Gewaltenteilung und Rechtsdienste: Die Wurzel der Missverständnisse

Gewaltenteilung und Rechtsdienste: Die Wurzel der Missverständnisse
Bei unabhängiger Kontrolle besteht in Österreich erheblicher Nachholbedarf. Das hat der Streit ums EU-Renaturierungsgesetz gezeigt. Ein Gastkommentar von Peter Hilpold.

Die Diskussion um die mehr oder weniger weitreichende Unabhängigkeit des Verfassungsdienstes hat offengelegt, dass in Österreich noch erhebliche Missverständnisse über die Gestalt und die wesentlichen Erfordernisse einer effektiven Gewaltenteilung einerseits und über die Grundbedingungen eines wirksamen Rechtsschutzes andererseits vorliegen. Der Konflikt hat Wellen geschlagen bis nach Brüssel – und wurde im Ausland überwiegend als Kuriosum wahrgenommen, da schwer erklärbar ist, worin in Österreich die Wurzeln der offenkundigen Missverständnisse liegen, die hier zu laufenden Verwechslungen zwischen Verwaltungsbehörden und Gerichten geführt haben. Hierzulande war diese Auseinandersetzung hingegen – trotz Ihrer Schärfen und vieler unnötiger Zuspitzungen – insgesamt heilsam, da sie zu einem ersten Nachdenkprozess geführt hat.

Gewaltenteilung und Rechtsdienste: Die Wurzel der Missverständnisse

Peter Hilpold

Die Diskussion hat auch verdeutlicht, dass die Verwaltung über wertvolle Rechtsdienste mit hoch qualifizierten Juristen und Juristinnen verfügt.
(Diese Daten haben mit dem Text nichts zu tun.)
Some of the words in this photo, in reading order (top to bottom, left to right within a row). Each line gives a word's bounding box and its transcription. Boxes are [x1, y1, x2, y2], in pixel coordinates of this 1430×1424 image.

Diesen darf aber keine größere Rolle, keine weiterreichende Funktion zuerkannt werden, als die Verfassung vorsieht und erlaubt. Die österreichische Politik kann sich gerne intern beraten lassen, aber sie muss letztlich ihre eigenen Entscheidungen auch selbst verantworten und zu diesen stehen. In weiterer Folge wurde damit deutlich, dass die Gewaltenteilung und schließlich auch das Recht auf einen wirksamen Zugang zu einem Gericht ernster genommen werden muss. Art. 47 der Grundrechte-Charta muss auch in Österreich verstärkt Beachtung finden.
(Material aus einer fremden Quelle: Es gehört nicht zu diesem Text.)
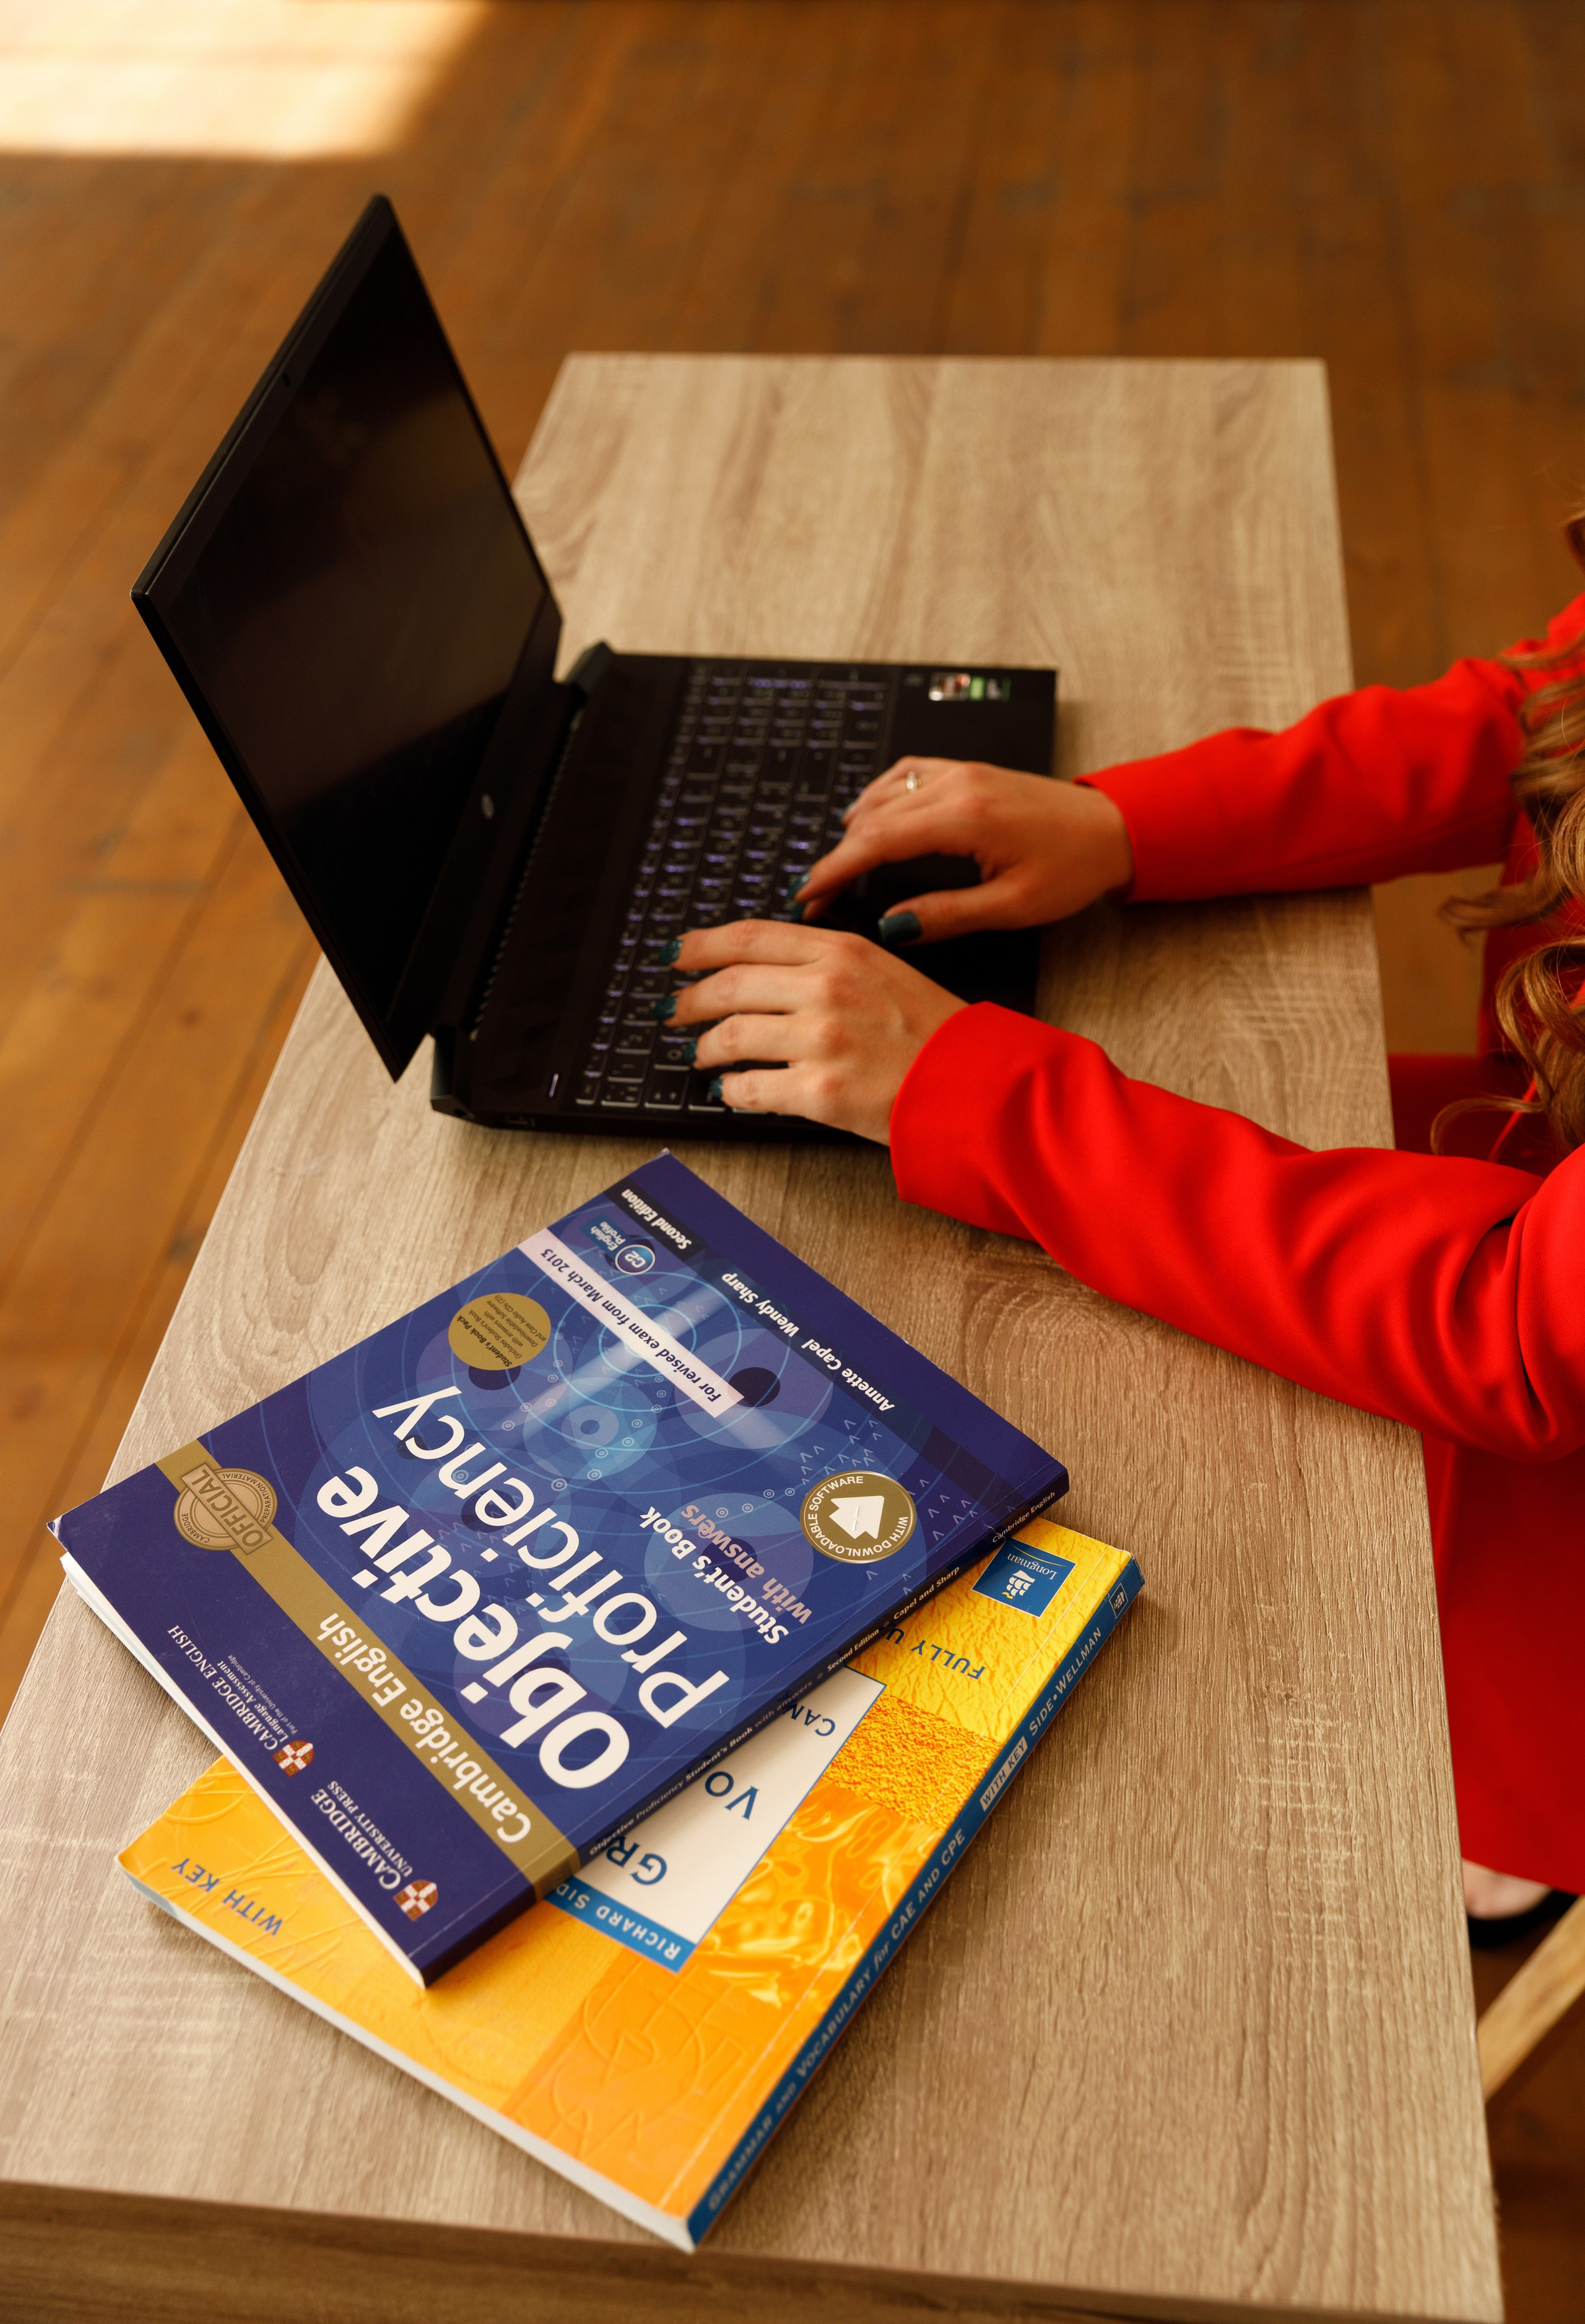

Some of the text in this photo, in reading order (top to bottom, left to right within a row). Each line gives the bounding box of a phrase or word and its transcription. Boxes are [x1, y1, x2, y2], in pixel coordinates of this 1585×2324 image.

[591, 1226, 618, 1251] English
[600, 1221, 626, 1245] Profile
[622, 1189, 692, 1250] Second Edition
[625, 1251, 646, 1268] C2
[484, 1311, 523, 1347] with answers with
[487, 1300, 538, 1347] Downloadable Software
[504, 1303, 513, 1312] CDs
[513, 1311, 527, 1323] Audio
[525, 1323, 537, 1334] Class
[541, 1248, 721, 1402] For revised exam from March 2013
[456, 1315, 513, 1367] Student's Book Pack
[469, 1309, 523, 1359] (includes Student's Book
[535, 1333, 547, 1341] and
[721, 1273, 895, 1411] Annette Capel Wendy Sharp
[191, 1468, 263, 1547] OFFICIAL
[222, 1473, 271, 1523] PREPARATION MATERIAL
[808, 1476, 908, 1557] WITH DOWNLOADABLE SOFTWARE
[992, 1492, 1055, 1543] Cambridge English
[181, 1513, 210, 1543] CAMBRIDGE
[372, 1385, 730, 1729] Proficiency
[640, 1506, 789, 1643] Student's Book
[681, 1505, 812, 1624] with answers
[1007, 1553, 1057, 1580] Longman
[316, 1466, 630, 1789] Objective
[228, 1654, 251, 1681] Cambridge
[910, 1640, 986, 1680] FULLY
[1030, 1627, 1102, 1736] SIDE WELLMAN
[167, 1625, 278, 1751] CAMBRIDGE ENGLISH
[217, 1661, 289, 1743] Language Assessment
[254, 1684, 276, 1710] University
[274, 1708, 284, 1717] the
[589, 1566, 960, 1855] Objective Proficiency Student's Book with answers Second Edition Capel and Sharp
[286, 1721, 298, 1734] Part
[316, 1612, 531, 1843] Cambridge English
[705, 1771, 760, 1820] VO
[983, 1743, 1026, 1807] WITH KEY
[311, 1788, 401, 1890] CAMBRIDGE
[328, 1781, 413, 1878] UNIVERSITY PRESS
[171, 1858, 284, 1937] WITH KEY
[596, 1905, 681, 1961] RICHARD
[797, 1968, 871, 2077] VOCABULARY
[874, 1940, 889, 1971] for
[891, 1900, 916, 1939] CAE
[918, 1868, 940, 1903] AND
[941, 1828, 965, 1866] CPE
Beispiel Universitäten: Mit dem UG 2002 wurde der Zugang zu den Gerichten (EU-rechtswidrig – siehe gerade Art. 47, aber auch Art. 19 EUV!) in dem zentralen Bereich der Berufungsverfahren weitgehend eliminiert. Es besteht zwar noch die Möglichkeit einer Aufsichtsbeschwerde nach § 45 UG, doch wie soll hier eine im Grunde gerichtliche Funktion von einer Instanz ausgeübt werden, die diese Voraussetzungen nach allen internationalen Kriterien gerade nicht erfüllt? Weshalb gewährt man den Beschwerdeführern keine Parteistellung, sodass auf dieser Grundlage eine Anrufung der Gerichtshöfe des öffentlichen Rechts möglich wäre?
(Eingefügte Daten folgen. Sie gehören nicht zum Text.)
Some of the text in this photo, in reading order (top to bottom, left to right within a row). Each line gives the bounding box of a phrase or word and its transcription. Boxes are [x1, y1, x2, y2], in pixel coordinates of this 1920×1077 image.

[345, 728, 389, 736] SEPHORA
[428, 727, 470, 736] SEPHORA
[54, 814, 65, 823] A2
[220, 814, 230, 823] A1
Es ist ein Grundprinzip einer jeden rechtsstaatlich verfassten Demokratie (und EU-rechtlich eindeutig geboten!), dass öffentliches Handeln einer unabhängigen Kontrolle unterworfen wird oder zumindest unterworfen werden kann. Hier besteht in Österreich offenkundig noch erheblicher Nachbesserungsbedarf.

Die aktuelle Auseinandersetzung hat deutlich vor Augen geführt, dass ein strukturell in ein Ministerium eingebauter Rechtsdienst sicherlich intern wertvolle beratende Aktivitäten entfalten, aber eben keine gerichtsähnlichen Aufgaben wahrnehmen kann. Wenn die Aufsichtsbeschwerde der einzige Weg ist, um Missstände im universitären Bereich geltend zu machen, die Beschwerdeführer sich dann aber vor einer Einrichtung der Exekutive befinden und nicht einmal über Parteistellung verfügen, dann müsste jedem klar werden, dass hier ein rechtsstaatliches Defizit vorliegt, das auch und gerade EU-rechtlich nicht tragbar ist.

Peter Hilpold lehrt Völkerrecht, Europarecht und Steuerrecht an der Universität Innsbruck.